Introduction: Rural crashes result in fatality rates twice as high as urban, after accounting for vehicle miles traveled, and those involving farm vehicles tend to be the most severe. Farm vehicle crash interventions have focused on the farm equipment (e.g., lighting and marking) or the farm vehicle operator (e.g., training), despite crashes being most frequently caused by other vehicle driver actions. Community-based campaigns focused on rural drivers have potential to influence driver behavior. The objective of this study was to describe the role, formation, and lessons learned from a community advisory board (CAB) in the development and dissemination of a community-based rural roadway safety campaign. Methods: The CAB provided campaign input through quarterly meetings and email. The campaign had three main CAB and crash data-informed messages: 1) Slow Down, 2) Leave More Space, and 3) Avoid Passing. The CAB led campaign activities to publicize the message, distribute swag, and organize event logistics. To evaluate CAB effectiveness and inform future community engagement efforts, we conducted in-depth, semi-structured telephone interviews with CAB members in July 2020. Interviews were transcribed, coded, and codes were categorized into five main themes.
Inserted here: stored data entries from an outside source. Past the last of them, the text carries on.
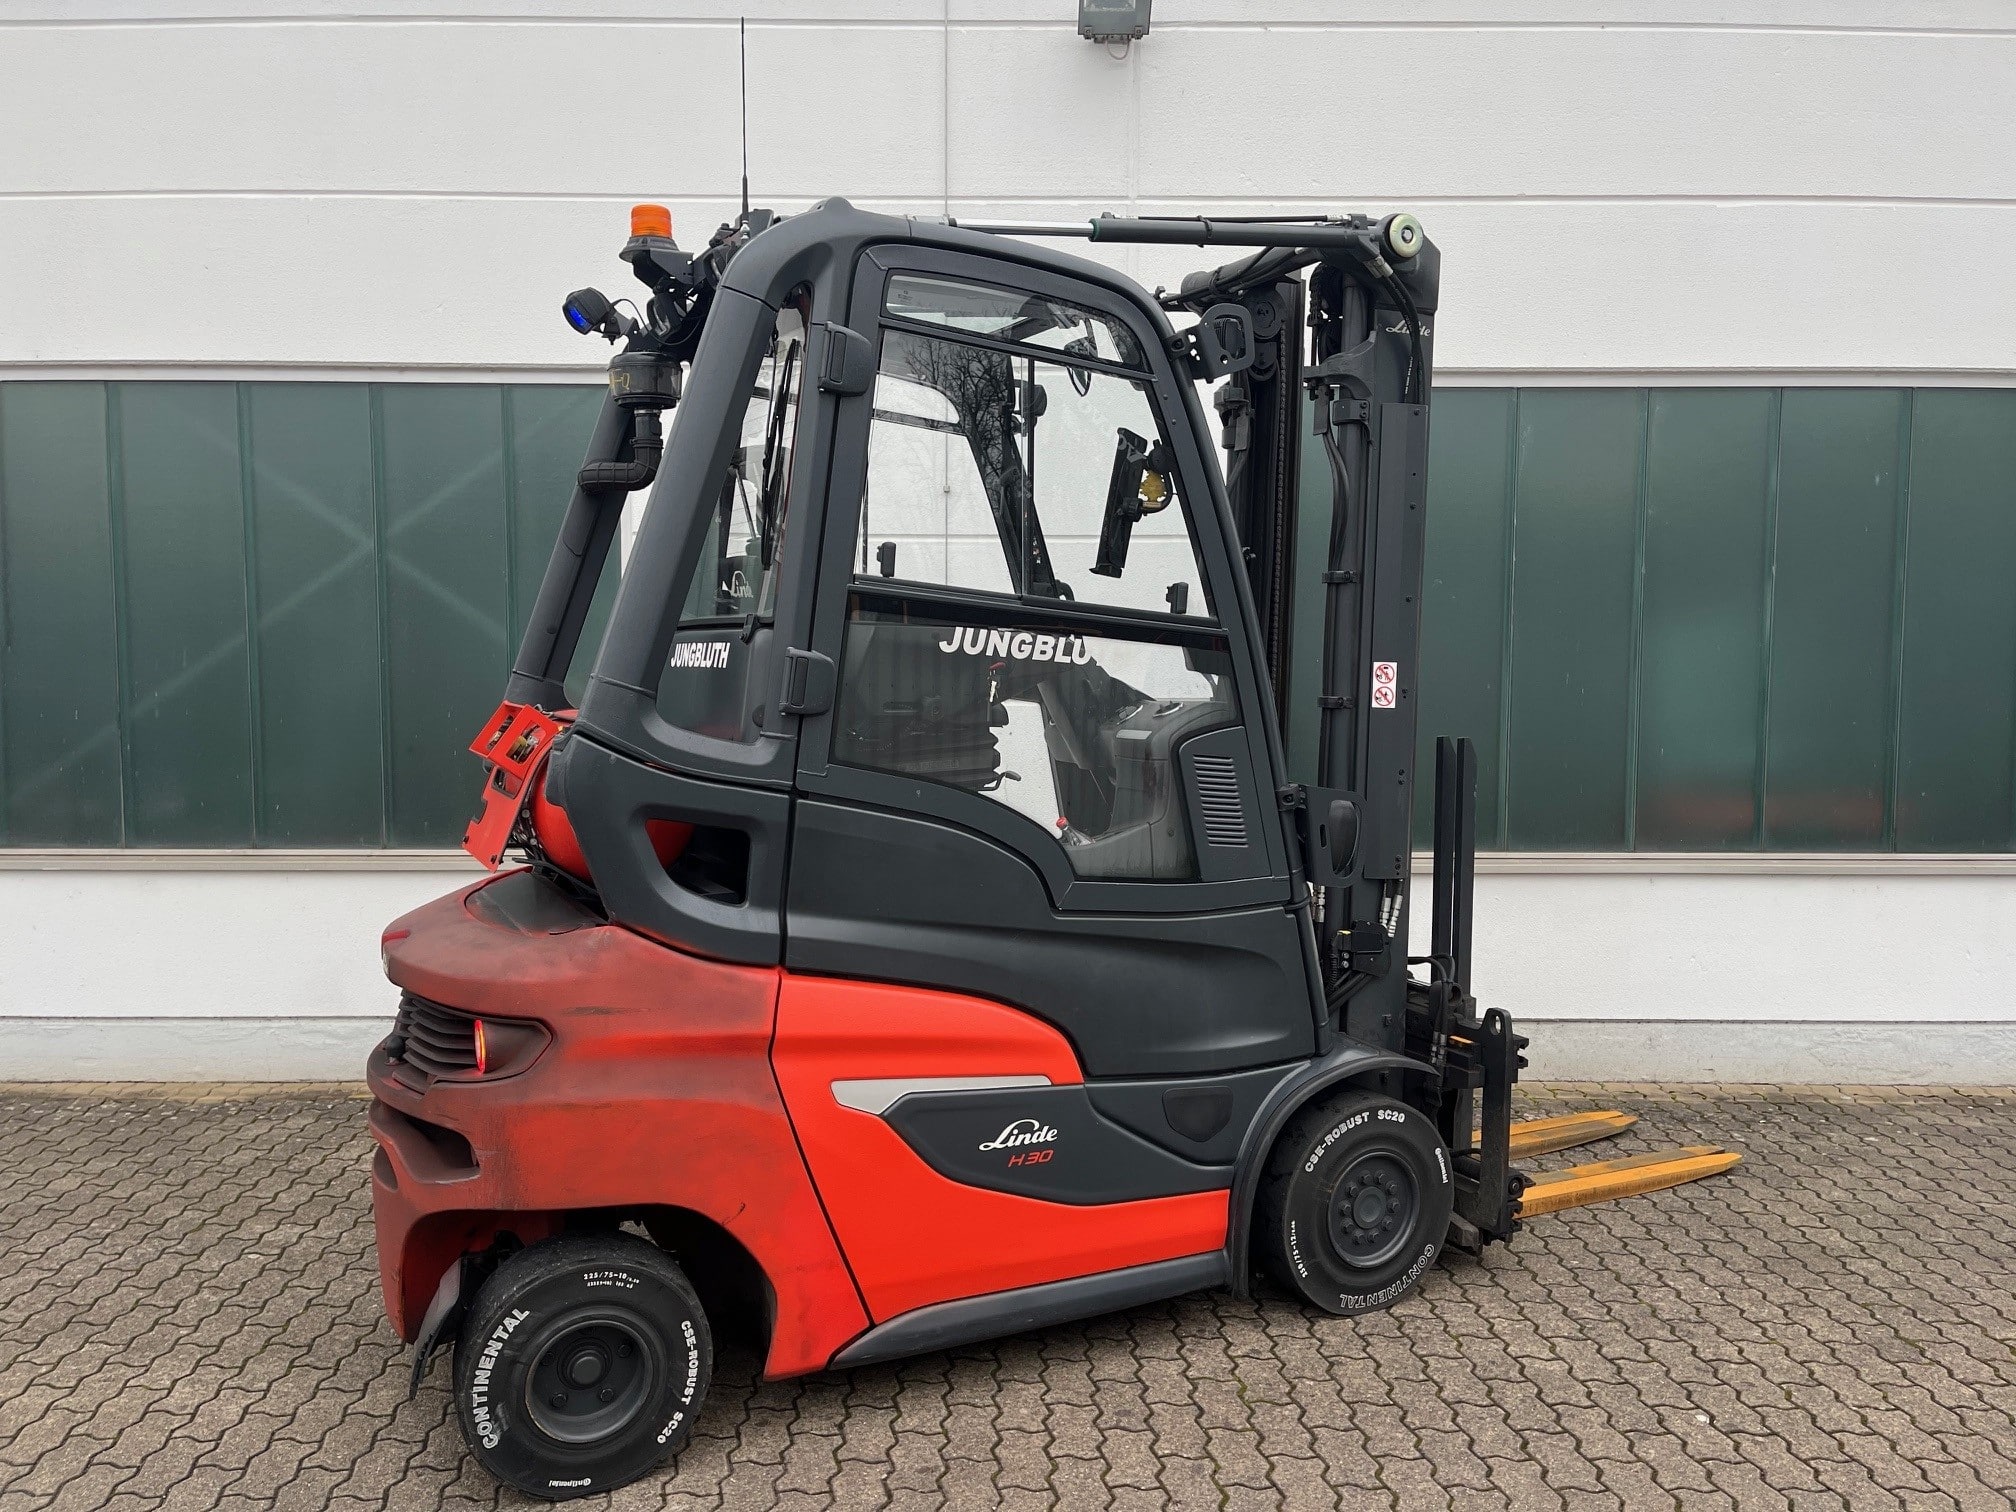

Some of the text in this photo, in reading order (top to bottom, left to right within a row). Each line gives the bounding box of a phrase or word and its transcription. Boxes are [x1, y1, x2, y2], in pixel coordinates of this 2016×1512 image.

[670, 642, 731, 670] JUNGBLUTH
[938, 626, 1093, 666] JUNGBLU
[978, 1119, 1058, 1151] Linde
[1007, 1150, 1054, 1168] H30
[1304, 1109, 1406, 1173] CSE-ROBUST SC20
[1339, 1244, 1435, 1309] CONTINENTAL
[472, 1308, 531, 1449] CONTINENTAL
[657, 1320, 699, 1444] CSE-ROBUST SC20
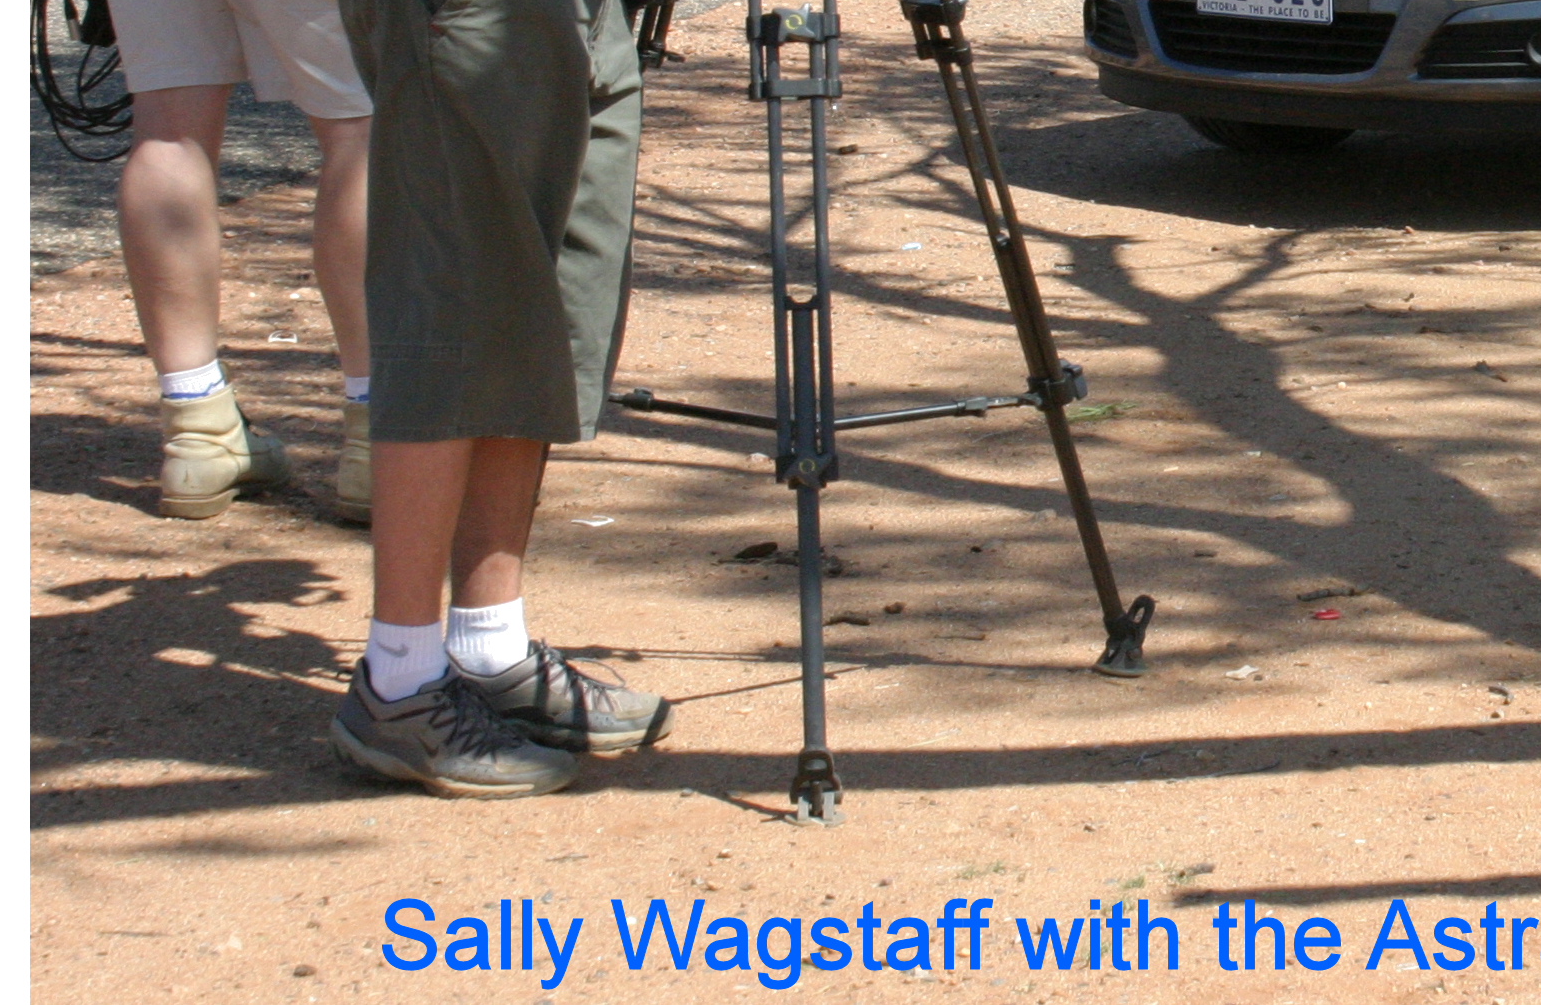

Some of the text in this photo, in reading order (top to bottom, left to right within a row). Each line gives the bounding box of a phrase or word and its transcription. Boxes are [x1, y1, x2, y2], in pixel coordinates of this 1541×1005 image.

[1202, 1, 1237, 12] VICTORIA
[1249, 5, 1264, 14] THE
[1268, 6, 1293, 17] PLACE
[1298, 8, 1309, 18] TO
[1314, 9, 1324, 19] BE
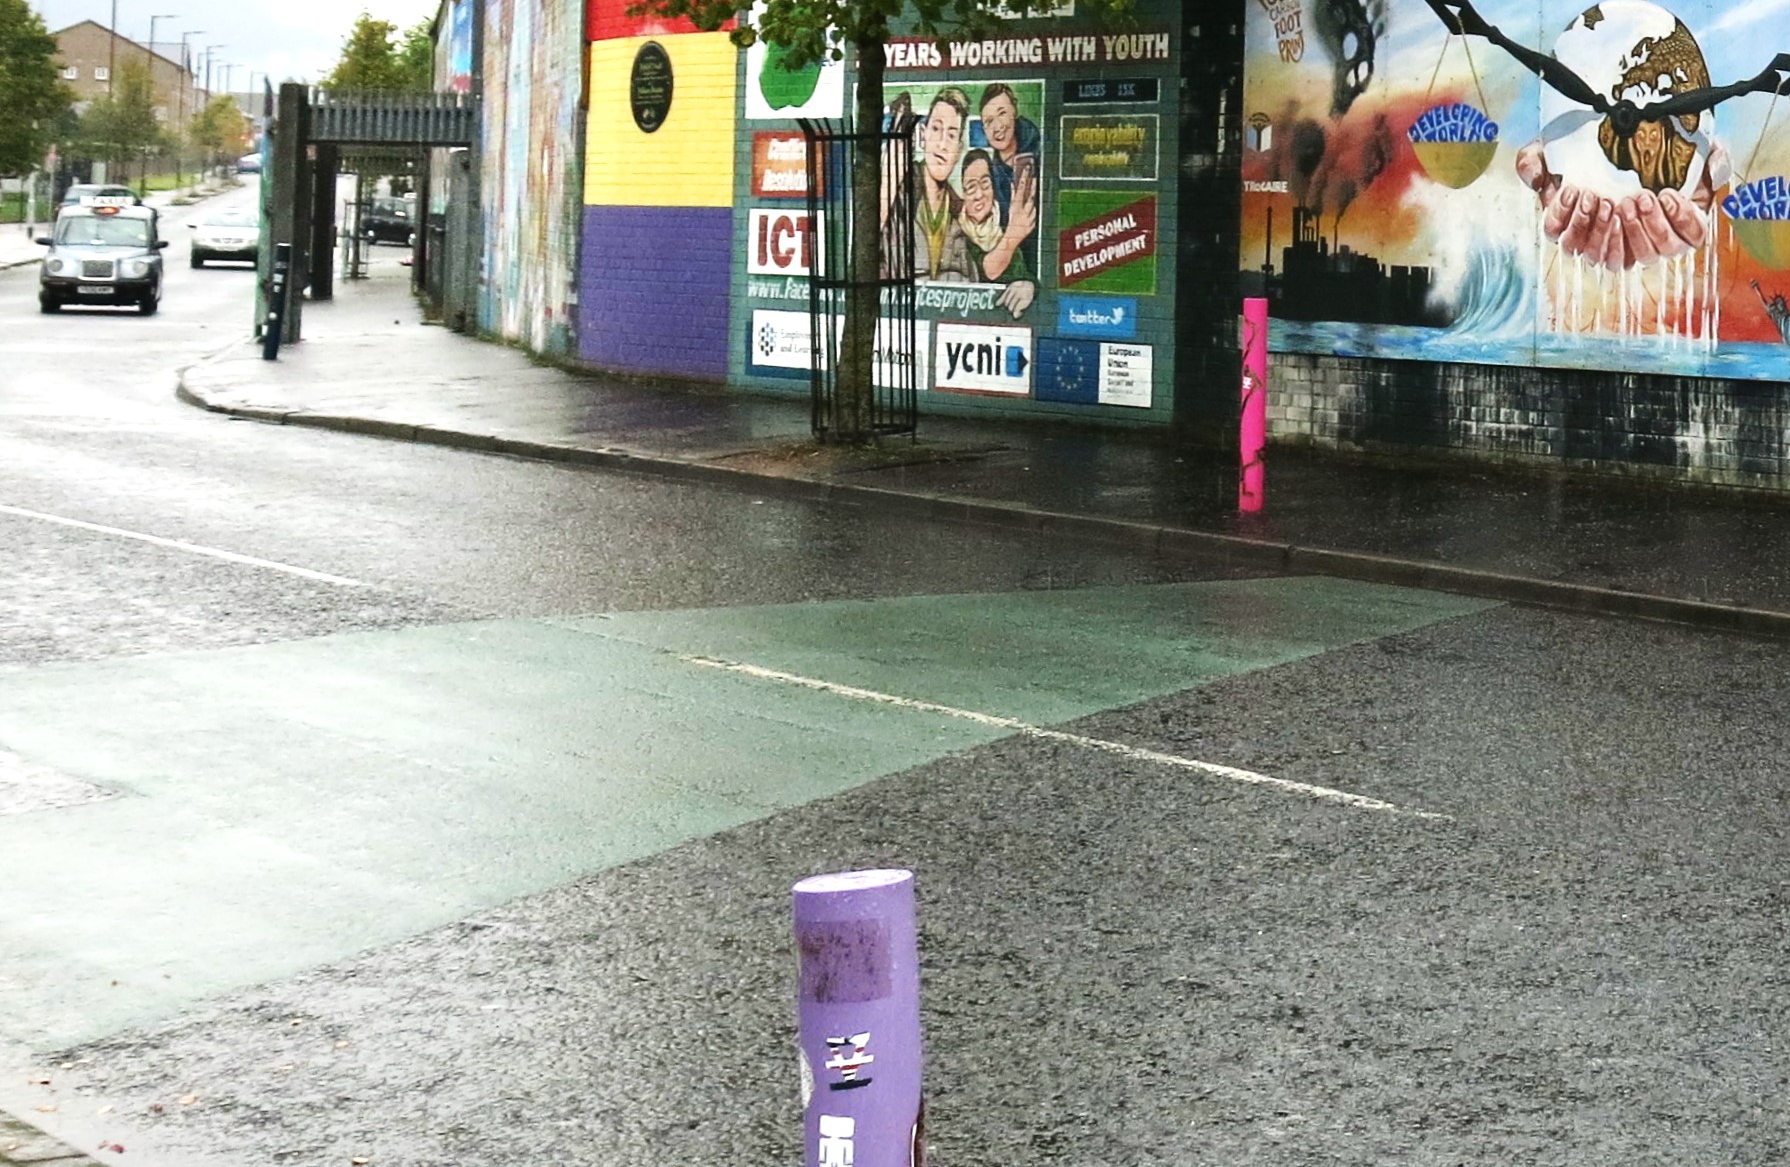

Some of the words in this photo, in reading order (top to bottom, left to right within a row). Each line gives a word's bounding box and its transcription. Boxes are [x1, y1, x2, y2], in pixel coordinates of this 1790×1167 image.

Results: Overall, CAB membership was described as an overwhelmingly positive experience in terms of the CAB structure, culture fostered among the group, responsibilities, and time commitment. Board members reported successful campaign implementation, gave positive feedback regarding the research team's engagement efforts, and provided valuable recommendations for future campaigns (e.g., adding social media components, expansion of CAB age and industry diversity, and increasing group bonding activities). Conclusions: Results from this study demonstrate the instrumental role and logistics involved in engagement of community advisors for the development and implementation of a rural roadway safety campaign. Steps and lessons from this study can be applied to other community-level injury and violence prevention topics, with a particular focus on rural communities.